NCAA Football: UCLA at Southern California Richard Mackson-USA TODAY Sports

Honestly, I don’t have any grand thoughts to start with up here. Quite simply, the UCLA Bruins got their asses kicked by their crosstown rivals, and in a way that should hopefully open eyes about some of the major flaws present in Chip Kelly’s program.

Plus, I don’t want to ruin your Thanksgiving by focusing on this more than I have to.
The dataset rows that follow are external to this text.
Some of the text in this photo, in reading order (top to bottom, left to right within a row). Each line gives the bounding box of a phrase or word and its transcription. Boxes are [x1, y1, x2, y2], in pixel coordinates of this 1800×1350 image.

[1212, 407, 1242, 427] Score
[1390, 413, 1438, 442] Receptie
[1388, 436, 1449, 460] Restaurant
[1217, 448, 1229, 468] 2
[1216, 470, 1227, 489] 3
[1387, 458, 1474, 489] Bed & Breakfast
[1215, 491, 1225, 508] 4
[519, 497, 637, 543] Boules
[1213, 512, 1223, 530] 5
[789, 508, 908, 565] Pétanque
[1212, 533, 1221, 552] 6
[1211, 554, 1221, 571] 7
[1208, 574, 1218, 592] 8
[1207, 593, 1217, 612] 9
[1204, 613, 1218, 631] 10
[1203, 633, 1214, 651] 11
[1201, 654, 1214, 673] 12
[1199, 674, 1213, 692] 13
Thus, this will be a shorter Eye Test, not going as in-depth as some of you may want in some spots, but in many cases it’s just because I don’t feel like repeating myself on some points anymore. I hope you’ll all forgive me for it.

Offense

Quarterback: B

Honestly, this game would have been a (bigger) blowout had Dorian Thompson-Robinson not balled out in the second half. By the end of the game, DTR had thrown for 367 yards and three touchdowns while averaging 8.3 yards per attempt, while also adding 64 yards and a touchdown on the ground. Those are great numbers, and would have been the story of this game had the UCLA defense decided to show up instead of allowing Kedon Slovis to set a Southern Cal single-game passing record. Yes he had a bad interception early, but considering how poor the play calling has been (more on this in a bit), I really can’t hurt his grade too much.

Running Backs: B-

Credit to Southern Cal - they’ve at least learned from the past, and were determined to make sure Joshua Kelley wouldn’t repeat his performance from last year. The Trojans keyed in on Kelley whenever he was on the field, limiting the senior to only 45 yards on 15 carries, to go with only one catch out of the backfield for nine yards. Demetric Felton was again a non-factor in the run game, only carrying the ball twice for three yards, but he did have six catches for 50 yards and an impressive opening touchdown. Kazmeir Allen actually got some play and looked impressive on the few runs he was allowed to have, using his four carries to pick up 39 yards. In general, however, the Trojans focused on not getting run off the field by the running backs again, and for the most part succeeded.

Receivers: B-

Generally fine? This one again followed a trend that has grown as the season progresses, in that the vast majority of the production of this group comes from Kyle Philips and Devin Asiasi, while the other receivers put together some middling performances. That was very much the case in this game, as Philips caught a team-high 12 passes for 123 yards, while Asiasi only had five catches but made them count, going for 141 yards and a touchdown. Beyond that, it was really a whole lot of nothing, with Chase Cota at least contributing a touchdown.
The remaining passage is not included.